24Néanmoins, il faut noter que les valeurs des seuils pour les coûts des réformes institutionnelles sont endogènes et dépendent de la cible d’inflation choisie par le gouvernement [16]. Par conséquent, l’assertion précédente doit être nuancée pour deux raisons. Premièrement, on peut en déduire qu’une politique de ciblage d’inflation strict réduit l’intervalle dans lequel certaines économies sont plongées dans une « trappe institutionnelle ». Deuxièmement, on peut caractériser le fait que l’adoption d’une cible d’inflation stricte, en affectant les valeurs définissant les seuils (bas et haut) de coûts de réformes, permet d’augmenter l’intervalle dans lequel l’efficacité d’un tel régime monétaire est vérifiée. Ainsi, contrairement à Acemoglu et al. [2008], le ciblage d’inflation est un régime monétaire qui permet d’améliorer le cadre institutionnel même lorsque la qualité institutionnelle initiale est très faible ou très élevée.

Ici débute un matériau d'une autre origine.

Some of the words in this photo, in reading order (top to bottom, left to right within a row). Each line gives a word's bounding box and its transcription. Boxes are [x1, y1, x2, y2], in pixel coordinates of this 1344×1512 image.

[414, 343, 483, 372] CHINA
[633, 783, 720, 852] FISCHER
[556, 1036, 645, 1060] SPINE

25L’ensemble de ces prédictions théoriques ont par ailleurs été validées empiriquement dans différents travaux. À titre d’exemple, Lucotte [2012] explore l’éventualité que l’adoption d’un régime de ciblage d’inflation encourage les gouvernements des pays en développement à améliorer la qualité de leurs institutions de collecte des taxes régulières pour faire face aux pertes de revenus provenant du seigneuriage. En utilisant la méthode d’appariement des scores de propension sur un échantillon de 59 pays (19 d’entre eux sont cibleurs d’inflation et 40 ne le sont pas), il montre que l’adoption d’un régime de ciblage d’inflation conduit en moyenne à un effet fortement et significativement positif sur la qualité du système de collecte d’impôts. Ces conclusions sont en outre robustes à un très grand nombre de spécifications économétriques [17].

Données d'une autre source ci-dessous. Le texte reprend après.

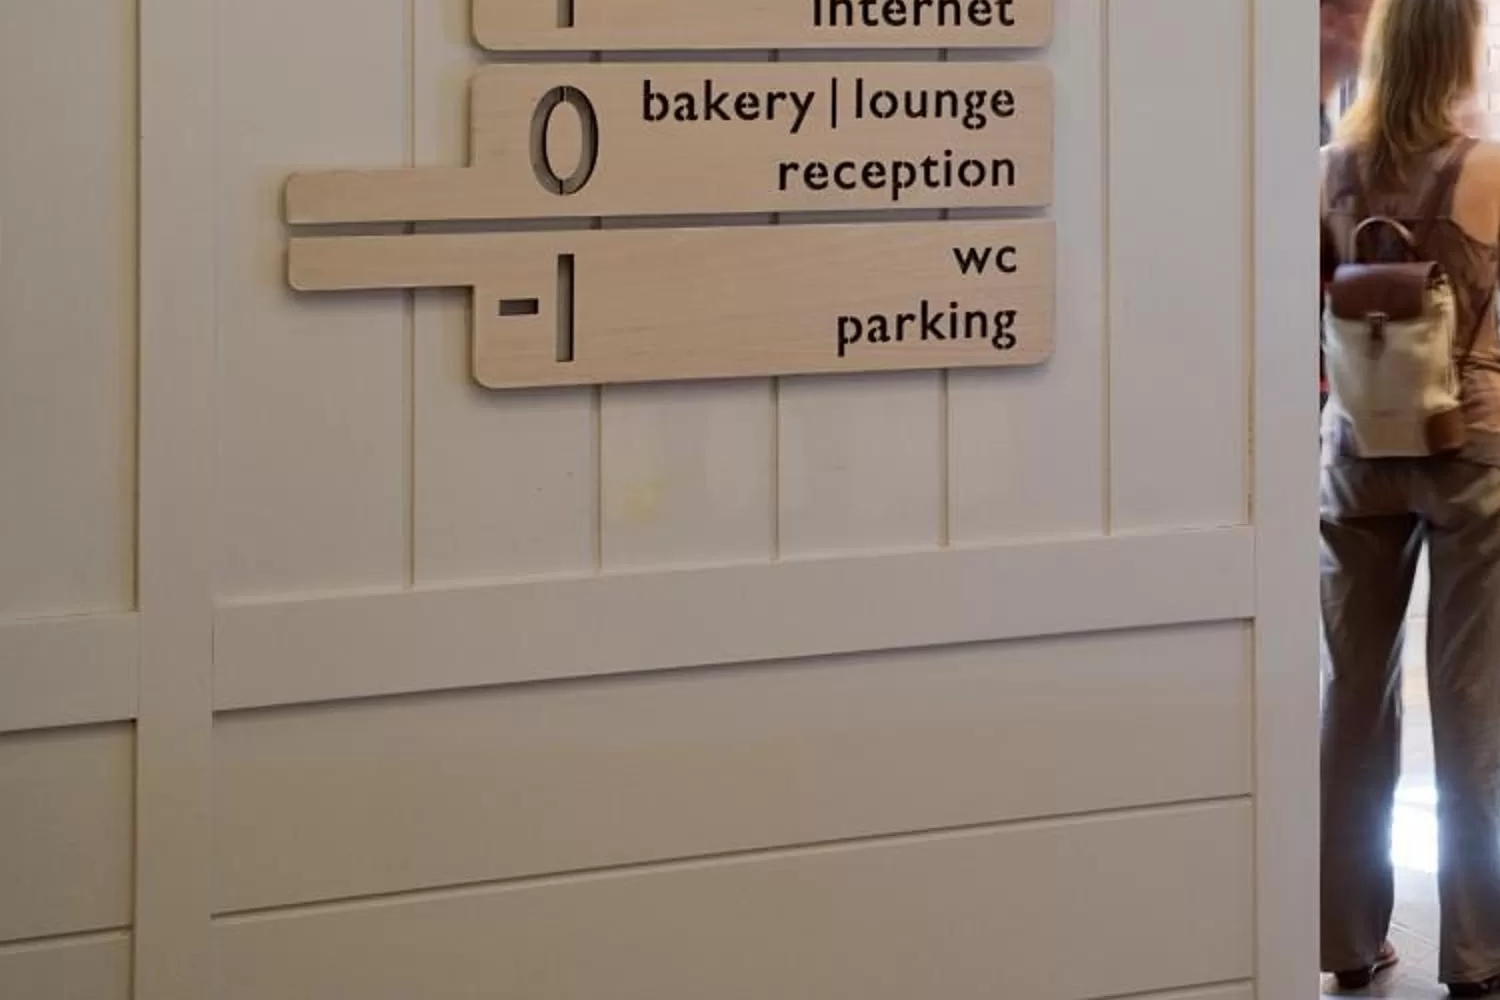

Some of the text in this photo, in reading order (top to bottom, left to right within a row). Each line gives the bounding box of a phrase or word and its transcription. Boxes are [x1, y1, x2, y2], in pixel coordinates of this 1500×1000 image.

[641, 78, 816, 134] bakery
[854, 77, 1016, 131] lounge
[529, 84, 599, 196] 0
[778, 149, 1017, 202] reception
[952, 244, 1018, 275] wc
[836, 299, 1018, 358] parking

26Toutefois, les politiques de contrôle de l’inflation basées sur des régimes de ciblage ne permettent pas toujours de parvenir à une stabilité macroéconomique et à un niveau optimal de bien-être social. Pendant longtemps, les institutions internationales ont encouragé les pays en développement, en particulier ceux qui étaient confrontés à des défaillances institutionnelles profondes, à recourir à des régimes de changes « durs » de manière à permettre un contrôle drastique de la volatilité de l’inflation. Une qualité institutionnelle dégradée étant associée à une inflation plus élevée, ne serait-il pas plus opportun de s’inscrire dans un régime de change qui permettrait de contenir les pressions inflationnistes ? Dans la section suivante, nous analyserons la pertinence de tels régimes monétaires, tant pour les pays développés (en prenant l’exemple de l’Europe), que pour les pays en développement.
Qualité institutionnelle et régime de change optimal
Les régimes de change durs, une solution pour les pays souffrant de défaillances institutionnelles ?
27Les dissemblances qui existent entre les régimes de change des pays industrialisés et ceux des pays émergents et en développement sont bien connues. Alors que les pays industrialisés adoptent généralement des régimes de change flottant (à l’exception notoire des pays membres de l’union monétaire européenne [18]), la grande majorité des pays en développement préconisent le recours à des régimes de change fixe (Calvo et Reinhart [2002] ; Reihnart et Rogoff [2004] ; Husain et al. [2004]). L’argument souvent avancé pour justifier de tels régimes monétaires est qu’ils permettraient de résoudre les problèmes liés à la crédibilité de la monnaie de ces économies. Mais les régimes de change fixe permettent-ils réellement de maximiser les performances économiques et le bien-être social dans des pays où les institutions sont sévèrement dégradées ?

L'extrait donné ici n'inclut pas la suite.